WORK ORDER: Write the entries out again in full and unchanged, dropping every image.

Excerpts from a dataset
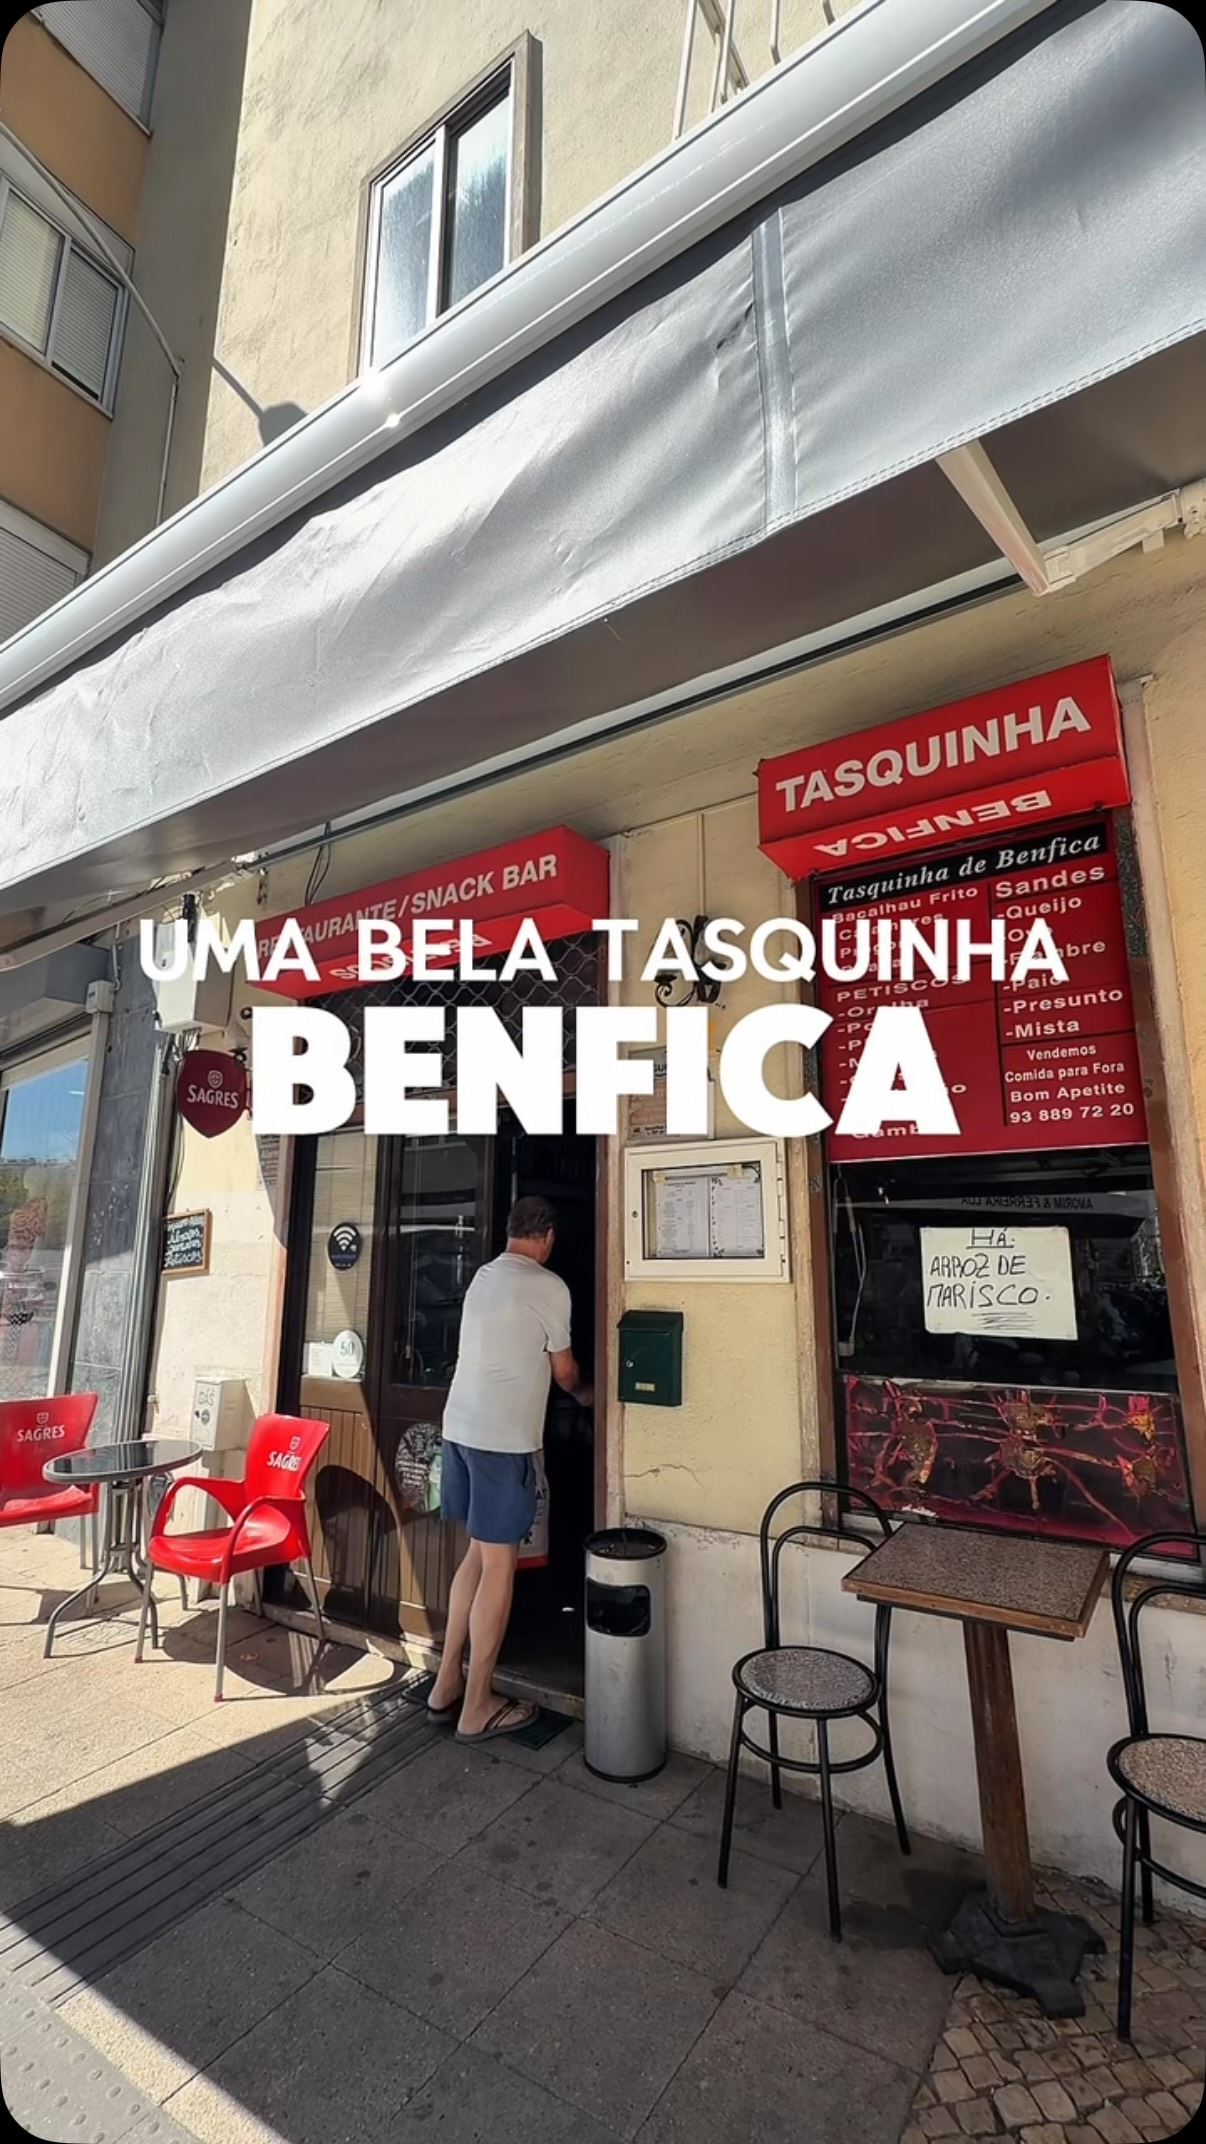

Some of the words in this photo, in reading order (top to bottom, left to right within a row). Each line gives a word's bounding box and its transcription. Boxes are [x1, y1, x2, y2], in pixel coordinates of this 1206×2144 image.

[775, 696, 1091, 812] TASQUINHA
[813, 790, 1051, 857] BENFICA
[502, 854, 557, 890] BAR
[828, 866, 949, 904] Tasquinha
[958, 856, 987, 877] de
[995, 836, 1100, 869] Benfica
[996, 866, 1105, 898] Sandes
[832, 898, 921, 924] Bacalhau
[929, 887, 978, 905] Frito
[997, 897, 1082, 919] -Queijo
[1004, 989, 1123, 1014] -Presunto
[1006, 1019, 1080, 1038] -Mista
[1027, 1045, 1096, 1060] Vendemos
[1005, 1068, 1054, 1082] Comida
[1058, 1066, 1088, 1080] para
[1093, 1062, 1124, 1074] Fora
[187, 1084, 239, 1109] SAGRES
[1010, 1090, 1049, 1102] Bom
[1057, 1083, 1125, 1099] Apetite
[1010, 1111, 1032, 1123] 93
[1039, 1108, 1073, 1121] 889
[1080, 1105, 1103, 1119] 72
[1110, 1103, 1134, 1116] 20
[997, 1254, 1026, 1275] DE
[16, 1424, 65, 1443] SAGRES
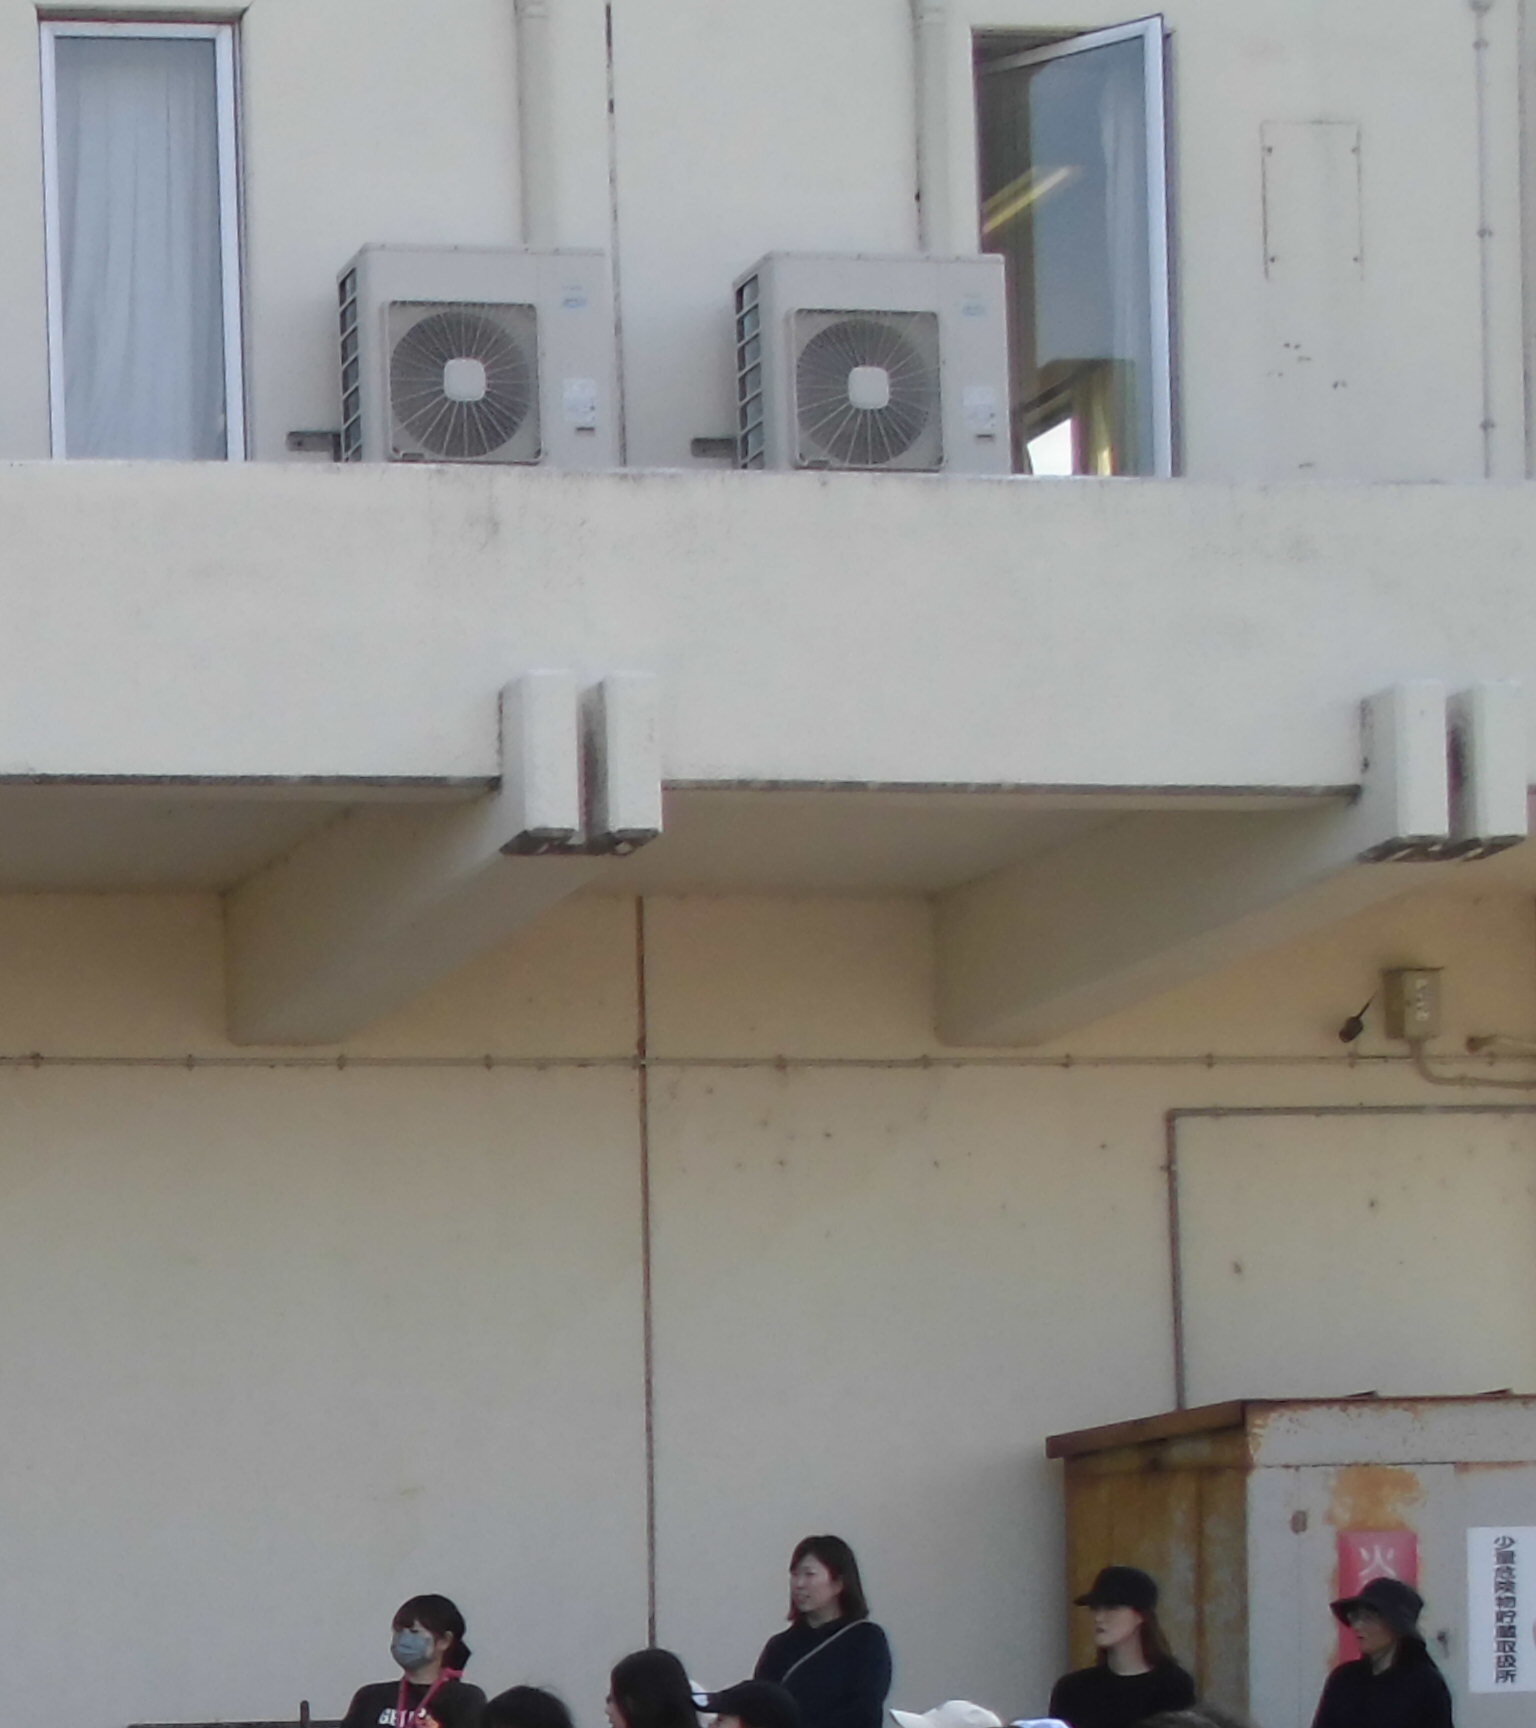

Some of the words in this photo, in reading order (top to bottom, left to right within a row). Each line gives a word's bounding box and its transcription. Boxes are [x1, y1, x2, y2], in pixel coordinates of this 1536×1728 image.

[1493, 1535, 1517, 1684] 少量危険物貯蔵取扱所
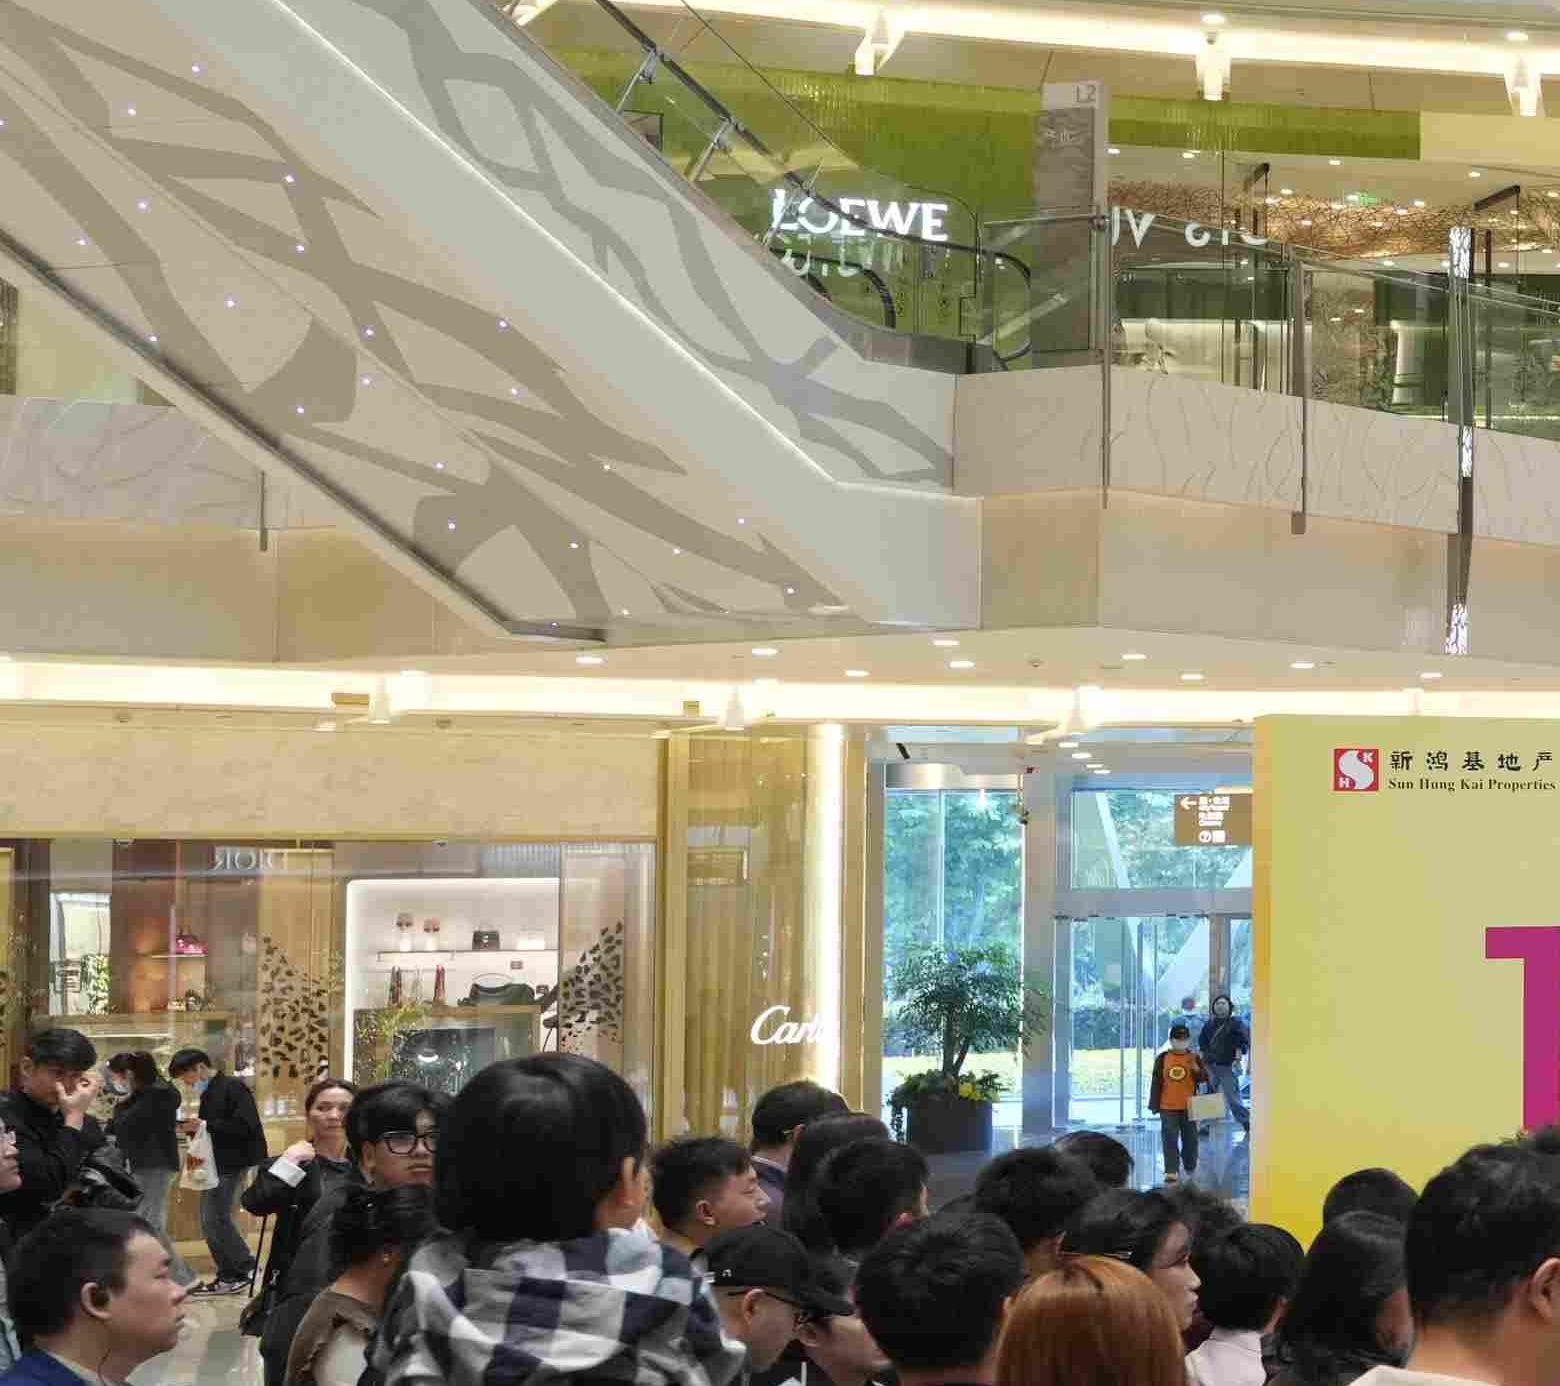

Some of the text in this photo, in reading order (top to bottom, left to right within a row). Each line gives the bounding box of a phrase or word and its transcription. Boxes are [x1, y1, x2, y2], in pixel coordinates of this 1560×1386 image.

[772, 188, 948, 241] LOEWE
[1389, 750, 1553, 771] 新鸿基地产
[1388, 778, 1556, 792] Sun Hung Kai Properties
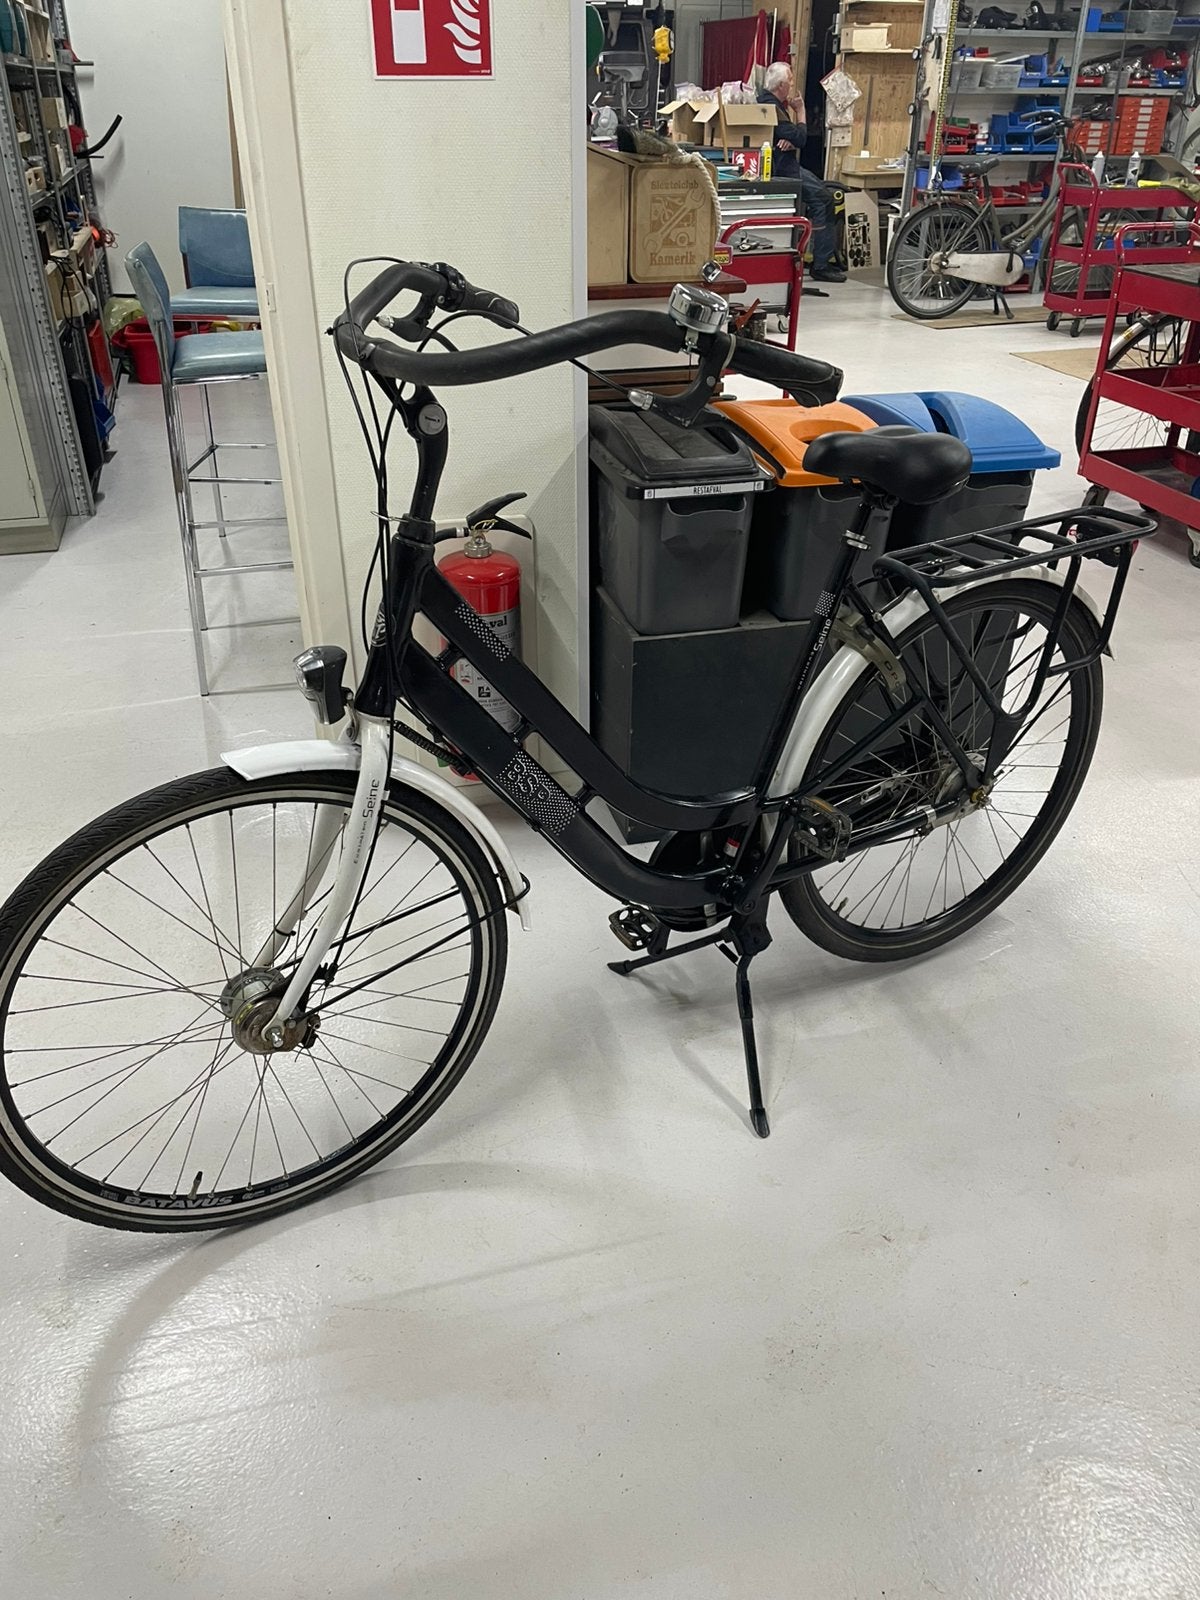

SOLUTION FOR THIS EXERCISE:
Some of the words in this photo, in reading order (top to bottom, left to right within a row). Each line gives a word's bounding box and its transcription. Boxes are [x1, y1, x2, y2], in pixel coordinates of this 1206×2144 image.

[775, 696, 1091, 812] TASQUINHA
[813, 790, 1051, 857] BENFICA
[502, 854, 557, 890] BAR
[828, 866, 949, 904] Tasquinha
[958, 856, 987, 877] de
[995, 836, 1100, 869] Benfica
[996, 866, 1105, 898] Sandes
[832, 898, 921, 924] Bacalhau
[929, 887, 978, 905] Frito
[997, 897, 1082, 919] -Queijo
[1004, 989, 1123, 1014] -Presunto
[1006, 1019, 1080, 1038] -Mista
[1027, 1045, 1096, 1060] Vendemos
[1005, 1068, 1054, 1082] Comida
[1058, 1066, 1088, 1080] para
[1093, 1062, 1124, 1074] Fora
[187, 1084, 239, 1109] SAGRES
[1010, 1090, 1049, 1102] Bom
[1057, 1083, 1125, 1099] Apetite
[1010, 1111, 1032, 1123] 93
[1039, 1108, 1073, 1121] 889
[1080, 1105, 1103, 1119] 72
[1110, 1103, 1134, 1116] 20
[997, 1254, 1026, 1275] DE
[16, 1424, 65, 1443] SAGRES

Some of the words in this photo, in reading order (top to bottom, left to right within a row). Each line gives a word's bounding box and its transcription. Boxes are [x1, y1, x2, y2], in pixel coordinates of this 1536×1728 image.

[1493, 1535, 1517, 1684] 少量危険物貯蔵取扱所

Some of the text in this photo, in reading order (top to bottom, left to right within a row). Each line gives the bounding box of a phrase or word and its transcription. Boxes are [x1, y1, x2, y2], in pixel coordinates of this 1560×1386 image.

[772, 188, 948, 241] LOEWE
[1389, 750, 1553, 771] 新鸿基地产
[1388, 778, 1556, 792] Sun Hung Kai Properties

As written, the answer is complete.